This month marks the 40th anniversary of the partial meltdown at the Three Mile Island nuclear power plant. WITF is collaborating with PA Post and PennLive on a multimedia, month-long look at the accident, its impact and the future of TMI and the nuclear industry. That includes new documentary television and radio programs, long-form audio stories, photos, and digital videos. The work will include the voices of people affected as well as community events to engage with listeners, readers and viewers. Follow our coverage at PA Post.

How a young team at CMU helped expand the fledgling field of robotics

(Pittsburgh) — The partial meltdown of one of Three Mile Island’s nuclear reactors 40 years ago this month left areas of the facility highly radioactive and inaccessible to humans.

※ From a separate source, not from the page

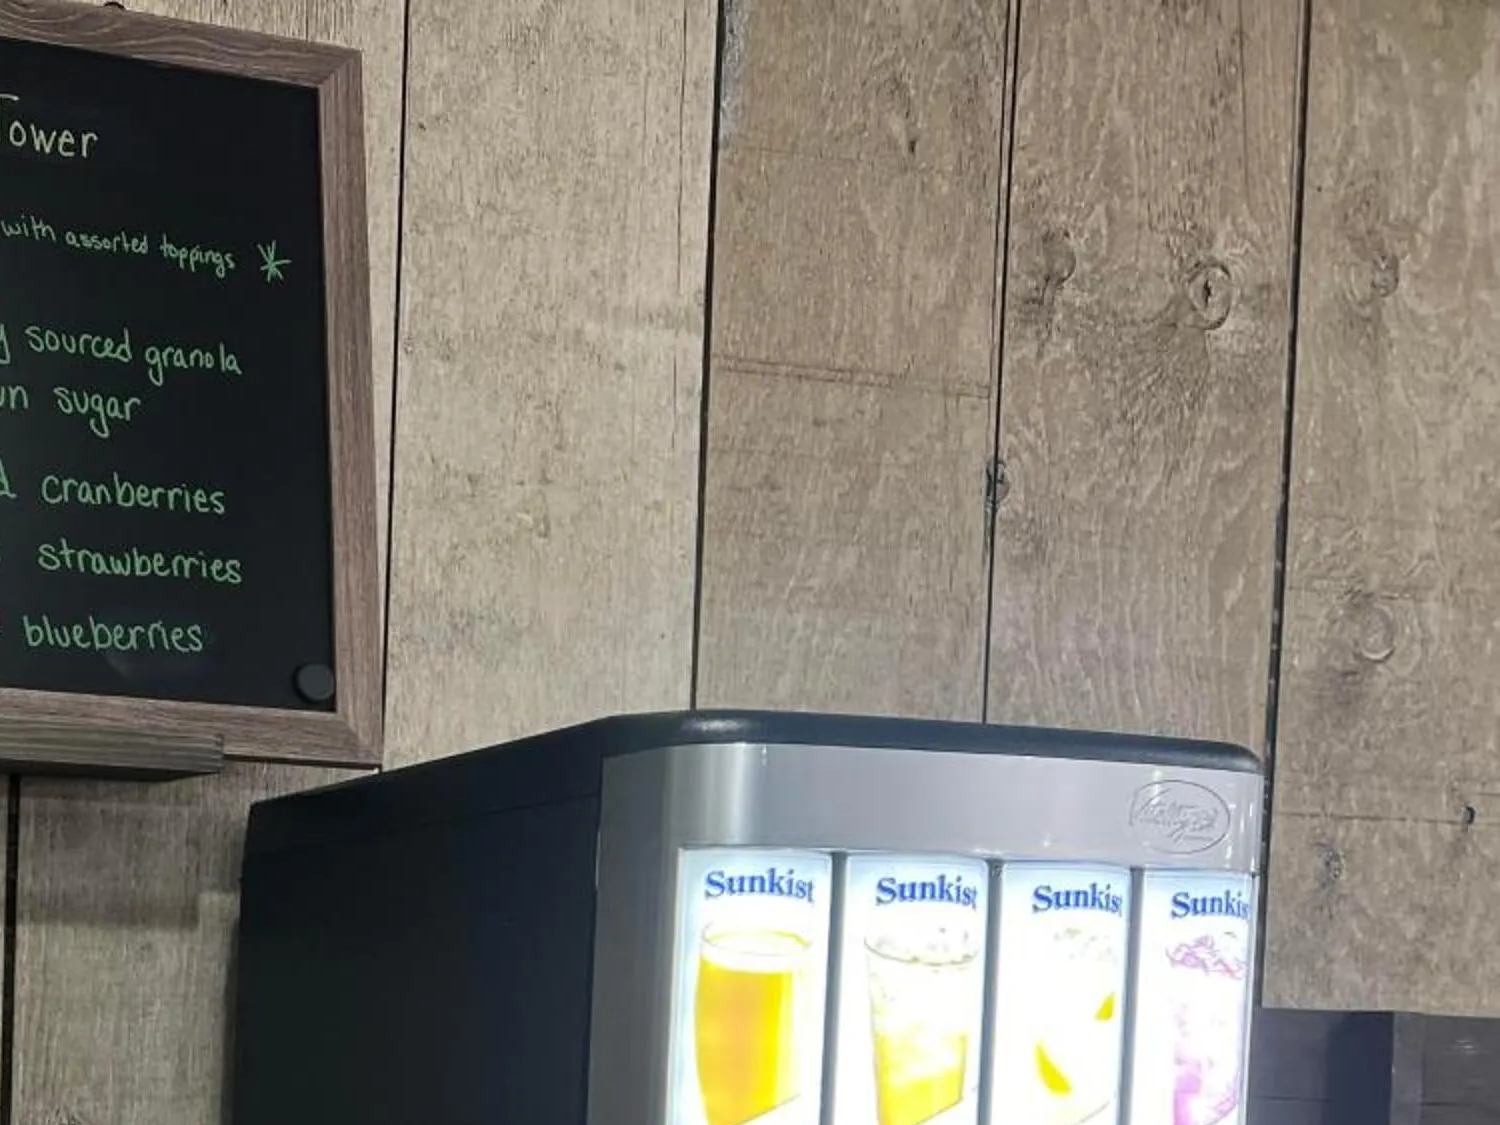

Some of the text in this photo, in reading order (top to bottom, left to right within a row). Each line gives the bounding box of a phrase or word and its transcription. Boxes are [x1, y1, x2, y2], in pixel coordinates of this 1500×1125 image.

Along came a young group of researchers with an idea to send in robots to fix the damage.

Red Whittaker led the team at Carnegie Mellon University, where from time to time he still works on robots for the nuclear industry.

“This is really old,” he said as he pulled up a Powerpoint on his office computer. “I haven’t looked at any of it in eternity.”

The presentation contains video footage his robot took of the basement at Three Mile Island’s Unit 2 containment building.

“They could see for the first time the accumulation of hundreds of thousands of gallons of contaminated water that had filled up like a bathtub to a height of about 8 feet,” Whittaker said.

The nation’s worst commercial nuclear accident prompted tens of thousands of people near the Dauphin County reactor to evacuate in March 1979.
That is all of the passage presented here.